Bangladesh? The new axis of evil.

Debra Burlingame sure knows how to make an analogy, doesn’t she? In ceaseless effort to besmirch any public comment about the WTC that doesn’t originate from spectacularly original mind, or Karl Rove’s pocket, she popped of this one today:

Her criticisms began with the opening gallery. “So the very first experience that the visitors will get when they come from Cedar Rapids, Portland, Ore., and Tallahassee, Fla., was not how we experienced 9/11 but how the people, say, in Bangladesh experienced it?” she asked.

“Imagine erecting an edifice at the U.S.S. Arizona where before we hear their story, we get the world’s view, maybe the Axis powers’ view of World War II,” she said. “I can’t imagine how they’re thinking.”

Now I usually have to wait a long time before I can hit people over the head with my putative victimization (white, male, straight, etc. I’m of Italian descent, but I keep living in places lousy with Italians, so that usually gets me nothing), but finally, I get to trumpet my experience over hers. I am here to tell Debra Burlingame to back the fuck off, since I am a descendant of a victim of the Pearl Harbor attack.

Just like Hitchens’ finding out he is Jewish, I did come late to the impact of this victim status. Certainly I knew my whole life that my great uncle’s name was on the Arizona memorial, but I did not realize it enabled me to relentless belittle anyone who had political or social opinions that contradicted mine.

And using her fascinatingly tortured logic, her pronouncement today, which showed an amazing lack of consideration for the feelings of the Families of 12/7 (this is support group I started earlier this morning — actually, you just witnessed its genesis; I’d invite you to join, but you need to produce a death certificate. Otherwise, find your own date-based tragedy) — a fact I can’t definitely ascertain, but it doesn’t matter specifically what the other families think, as their experience is absolutely unique and others cannot pass reasonable judgment either way — so her callous and ill-considered appropriation of our experience invalidates any and all her comments to date and for the indefinite future. In other words, since she lacks the personal experience of an historical event that lives in the memory of the entire country, there is no way for her to speak meaningfully about it, or anything else now, forever.

Which is useful, since the Freedom Center up and remembered that being about Freedom is about, well, speaking one’s mind without fear of someone trying to supress your actions out of twisted ideological hatred and fear. Sure, it only took the one of the most important American historians quitting in disgust to get them to this point, but you have to break a few eggs, right?

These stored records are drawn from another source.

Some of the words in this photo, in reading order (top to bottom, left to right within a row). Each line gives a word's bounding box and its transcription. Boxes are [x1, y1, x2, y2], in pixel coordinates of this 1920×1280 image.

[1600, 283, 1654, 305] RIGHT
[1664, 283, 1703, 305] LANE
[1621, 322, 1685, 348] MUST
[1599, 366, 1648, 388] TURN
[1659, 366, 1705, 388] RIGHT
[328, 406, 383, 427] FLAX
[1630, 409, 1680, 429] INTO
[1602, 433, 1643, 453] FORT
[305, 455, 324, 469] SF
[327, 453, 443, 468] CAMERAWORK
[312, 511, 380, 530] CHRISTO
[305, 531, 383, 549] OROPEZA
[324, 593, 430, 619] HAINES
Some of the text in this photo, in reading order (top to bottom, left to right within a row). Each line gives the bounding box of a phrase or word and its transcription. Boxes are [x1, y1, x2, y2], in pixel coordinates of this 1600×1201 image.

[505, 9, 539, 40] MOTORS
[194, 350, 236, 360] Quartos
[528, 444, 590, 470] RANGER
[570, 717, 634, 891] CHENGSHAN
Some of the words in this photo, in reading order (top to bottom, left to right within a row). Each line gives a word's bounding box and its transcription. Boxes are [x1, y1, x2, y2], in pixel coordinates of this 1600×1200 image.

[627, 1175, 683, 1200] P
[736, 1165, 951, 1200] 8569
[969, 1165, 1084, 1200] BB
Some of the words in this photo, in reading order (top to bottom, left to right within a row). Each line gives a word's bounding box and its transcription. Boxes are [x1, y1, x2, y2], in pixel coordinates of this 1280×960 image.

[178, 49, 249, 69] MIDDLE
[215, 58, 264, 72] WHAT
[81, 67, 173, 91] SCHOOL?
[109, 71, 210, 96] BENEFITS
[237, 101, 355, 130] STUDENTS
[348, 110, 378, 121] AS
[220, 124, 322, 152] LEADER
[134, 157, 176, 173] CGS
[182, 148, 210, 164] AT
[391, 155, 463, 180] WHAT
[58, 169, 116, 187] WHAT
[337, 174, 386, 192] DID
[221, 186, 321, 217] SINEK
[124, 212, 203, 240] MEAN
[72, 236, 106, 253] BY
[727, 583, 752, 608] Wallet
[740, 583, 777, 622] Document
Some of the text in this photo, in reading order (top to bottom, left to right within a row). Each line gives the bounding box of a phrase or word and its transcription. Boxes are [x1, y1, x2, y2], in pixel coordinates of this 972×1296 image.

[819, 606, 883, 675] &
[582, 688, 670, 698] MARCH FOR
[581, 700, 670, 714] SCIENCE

The entire fiasco is beginning to feel like the freeway scene in Altman’s Nashville, where most of the main characters in the film mill about randomly, willfully or incidentally ignoring others with whom they are later found to have intricate connections. By the end of the scene, the camera pulls back and amibent audio reduces everyone’s individual conversation into an indecipherable mass, everyone stuck in place by an unseen logjam out of which no one can see the way. But as long as we have the spirited efforts of Burlingame, we at least have a sign post indicating who is either morally bankrupt (everyone else) or incorruptable (her, just her). We eagerly await her next dispatch.